Bae Seung Hwan, Kim Donghee, Jang Jaeyeon, Kim A-Sol, Hwang Soyoon, Nam Eunkyung, Bae Sohyun, Lee Ji Yeon, Kim Ji Sun, Kim Sang Cheol, Jo Hye-Yeong, Kim Kwangsoo, Jung Inuk, Kwon Ki Tae
School of Computer Science and Engineering, Kyungpook National University, Daegu, 41566, Republic of Korea.
Seoul National University Hospital Biomedical Research Institute, Seoul, 03082, Republic of Korea.
Sci Rep. 2025 Jul 1;15(1):21098. doi: 10.1038/s41598-025-07793-x.
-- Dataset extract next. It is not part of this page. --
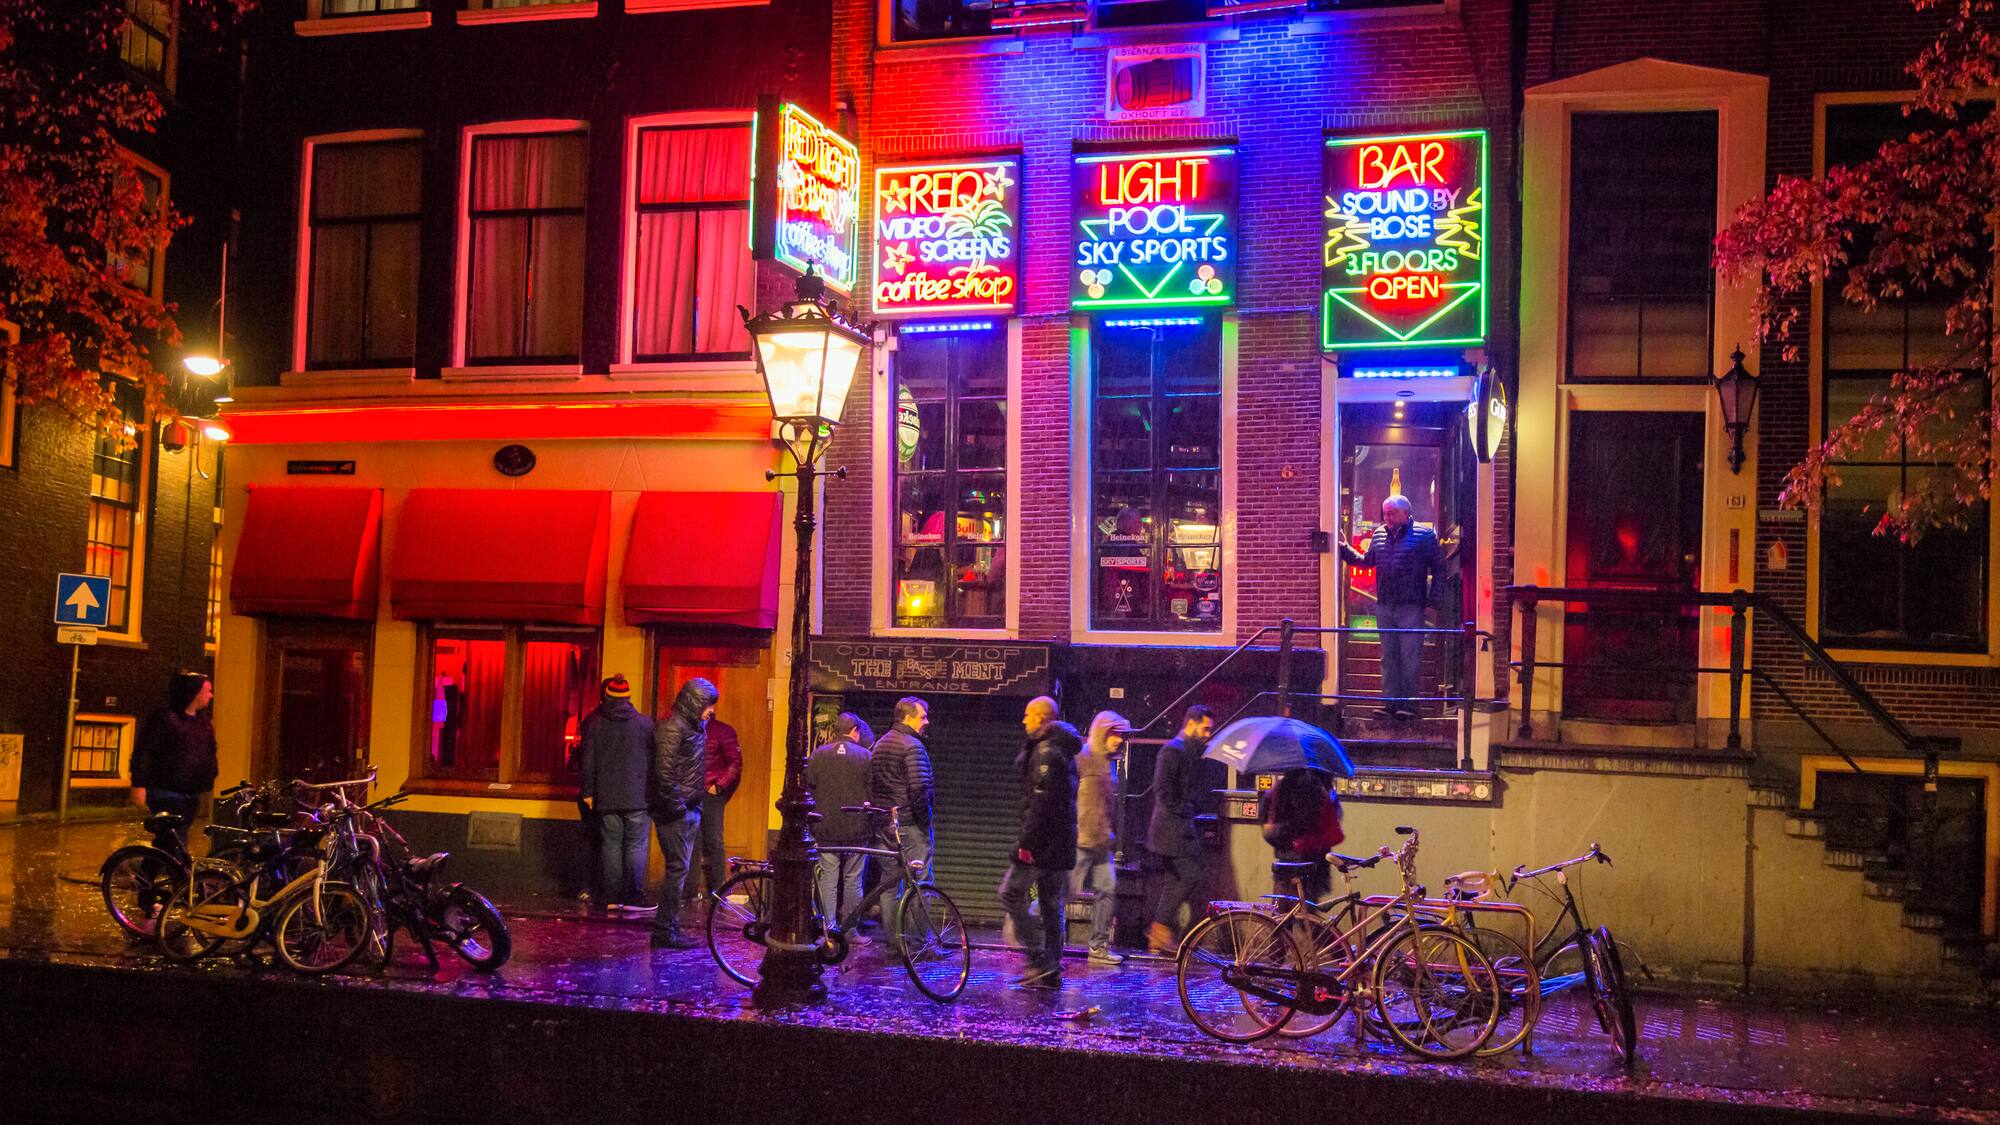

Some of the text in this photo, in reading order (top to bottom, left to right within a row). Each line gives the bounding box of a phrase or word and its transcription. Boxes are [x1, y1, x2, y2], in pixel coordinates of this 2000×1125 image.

Here we propose CovSF, a deep learning model designed to track and forecast short-term severity progression of COVID-19 patients using longitudinal clinical records. The motivation stems from the need for timely medical resource allocation, improved treatment decisions during pandemics, and the understanding of severity progression related immunology. The COVID-19 Severity Forecasting model, CovSF, utilizes 15 clinical features to profile the severity levels of hospital admitted patients and also forecast their severity levels of up to three days ahead. CovSF was trained on a large COVID-19 cohort (n=4,509), achieving an AUROC of 0.92 with 0.85 and 0.89 sensitivity and specificity on an external validation dataset (n=443). The type of oxygen therapy administered was utilized as the target predictive label, which is often used as the severity index. This approach enables the inclusion of a more comprehensive dataset encompassing patients across the full spectrum of severity, rather than restricting the analysis to more narrowly defined outcomes such as ICU admission or mortality. We focused on profiling deteriorating and recovering health conditions, which were validated using patient matched single-cell transcriptomes. Especially, we showed that the immunology significantly differed between the samples during deterioration and recovery, whose severity levels were the same, and thus presenting the importance of longitudinal analysis. We believe that the framework of CovSF can be extended to other respiratory infectious diseases to alleviate the strain of allocating hospital resources, especially in pandemics.
在此,我们提出了CovSF,这是一种深度学习模型,旨在利用纵向临床记录来跟踪和预测新冠肺炎患者的短期病情严重程度进展。其动机源于及时进行医疗资源分配的需求、在疫情期间改善治疗决策以及对与病情严重程度进展相关的免疫学的理解。新冠肺炎严重程度预测模型CovSF利用15种临床特征来描绘住院患者的严重程度水平,并预测他们未来三天内的严重程度水平。CovSF在一个大型新冠肺炎队列(n = 4509)上进行了训练,在外部验证数据集(n = 443)上实现了0.92的曲线下面积,灵敏度和特异性分别为0.85和0.89。所采用的氧疗类型被用作目标预测标签,这通常被用作严重程度指标。这种方法能够纳入一个更全面的数据集,涵盖了不同严重程度的患者,而不是将分析局限于更狭义定义的结果,如入住重症监护病房或死亡率。我们专注于描绘病情恶化和康复的健康状况,并使用患者匹配的单细胞转录组进行了验证。特别是,我们表明,在病情恶化和康复期间,样本之间的免疫学存在显著差异,尽管它们的严重程度相同,从而凸显了纵向分析的重要性。我们相信,CovSF的框架可以扩展到其他呼吸道传染病,以减轻医院资源分配的压力,尤其是在疫情期间。